Bush, Gonzales Attorney Firings Suppressed the Black Vote
Embattled Attorney General Alberto Gonzales refuses to step down over the politically motivated firing of eight US attorneys. His boss, President George W. Bush, continues to support Gonzo despite bipartisan calls for his ouster. However, new information about the attorney firings may take on greater relevance in a post-Don Imus world.
Reports have surfaced that at least two attorneys in the Justice Department’s Civil Rights Division were fired because they failed to file charges that would have helped disenfranchise Black voters.
Former Justice Department attorneys have publicly accused the Bush administration of politicizing the department’s Civil Rights Division which was formed 50 years ago to protect the voting rights of African-Americans. According to a recent report by the McClatchy newspapers, the Bush administration has pursued an aggressive legal effort to restrict voter turnout in key battleground states in ways that favor Republican political candidates.
The administration did this in part by alleging widespread election fraud in largely Democratic areas and to push new voter ID rules. Civil rights advocates contend that the administration’s policies were intended to disenfranchise hundreds of thousands of poor and minority voters who tend to support Democrats.
Let’s not forget that Bush emerged the victor in two highly contested elections where Black voter disenfranchisment was a key strategy. These new charges offer evidence that this practice has continued.
The chorus of voices that forced Don Imus’s firing over racist and sexist remarks should rise up for another refrain. Gonzales should also be fired, and investigations into voter fraud and misconduct by the Bush administration should commence immediately.

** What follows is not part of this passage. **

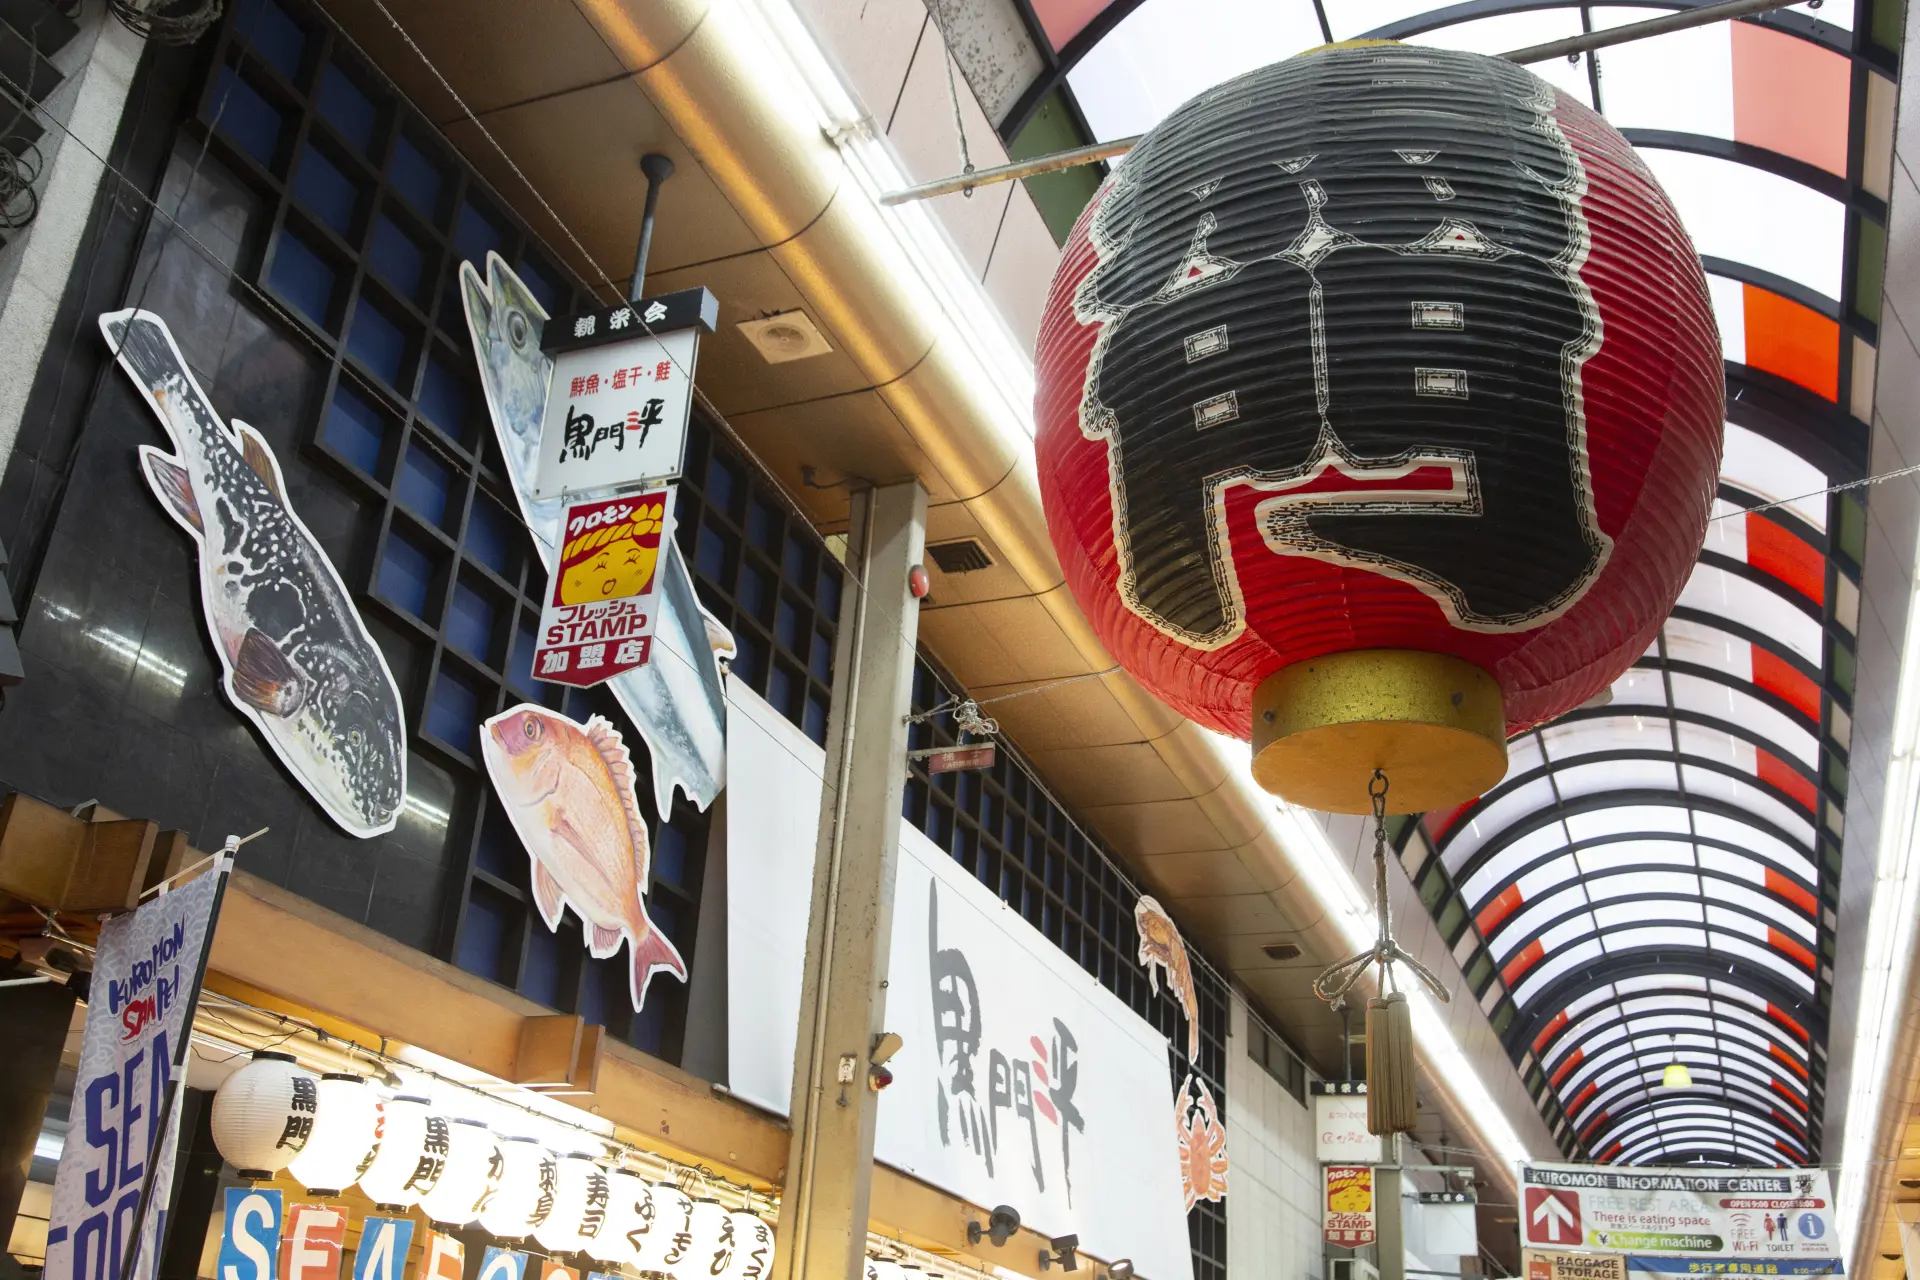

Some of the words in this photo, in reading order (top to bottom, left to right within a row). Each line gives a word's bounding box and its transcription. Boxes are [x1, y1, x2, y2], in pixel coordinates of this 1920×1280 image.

If all of these civil rights leaders, and journalists can work so hard to get a talk show host fired, certainly they can put just as much effort into firing the attorney general, the president’s chief advisor and the president himself for a conspiracy to suppress the voting rights of hundreds of thousands of Black Americans.
3 Comments:
I don't see how any of these claims amount to attempts to "disenfranchise black voters.".
Democrats and Republicans both accuse each other of dirty election tricks; shouldn't the claims of each side be investigated? I would certainly like investigations into the claims that repos circulate false info about voting sites in black areas. But how can we investigate that without also investigating republican claims that in democratic voting districts people are voting for each other and for dead people?
Speaking of which, I cannot imagine a maximally efficient voting system without people proving who they are via photo ID as one of several obvious steps.
The point is that they wanted the attorneys to investigate Democrats, but not to investifate Republicans. Little action has been taken on claims in either Florida (2000) or Ohio (2004). The process was completely politicized by not investigating all claims.
Additionally, the firing of those attorneys because they didn't file charges against Democrats, and the pressure placed on them to do so in the first place is unethical, and probably illegal.
Challenging voters with questions about ids doesn't increase voter participation. It restricts it. Especially when there are many elderly people who don't have ids especially.
I agree that the AG attorneys should have investigated claims from both sides. If the Bushies attempted to file charges only for Demo election crimes while ignoring real Repo crimes, I agree that was unethical, provided that the fired attorneys weren't themselves attempting to cover for real democratic crimes.
Election photo IDs would certainly restrict the voting of people attempting to vote multiple times, vote in place of others, or vote without US citizenship. If there are indeed voters out there who lack any govt-issued photo identification, forcing them to either get such ID or blocking them from voting seems to me a very acceptable price to pay for increasing the integrity of the voter ranks.
Conversely, enabling legitimate voters who refuse to get govt ID cards at the cost of enabling illegitimate voters represents too high of a price in my assessment, thus I vigorously support photo IDs as one of several obviously (to me) necessary voter reformations.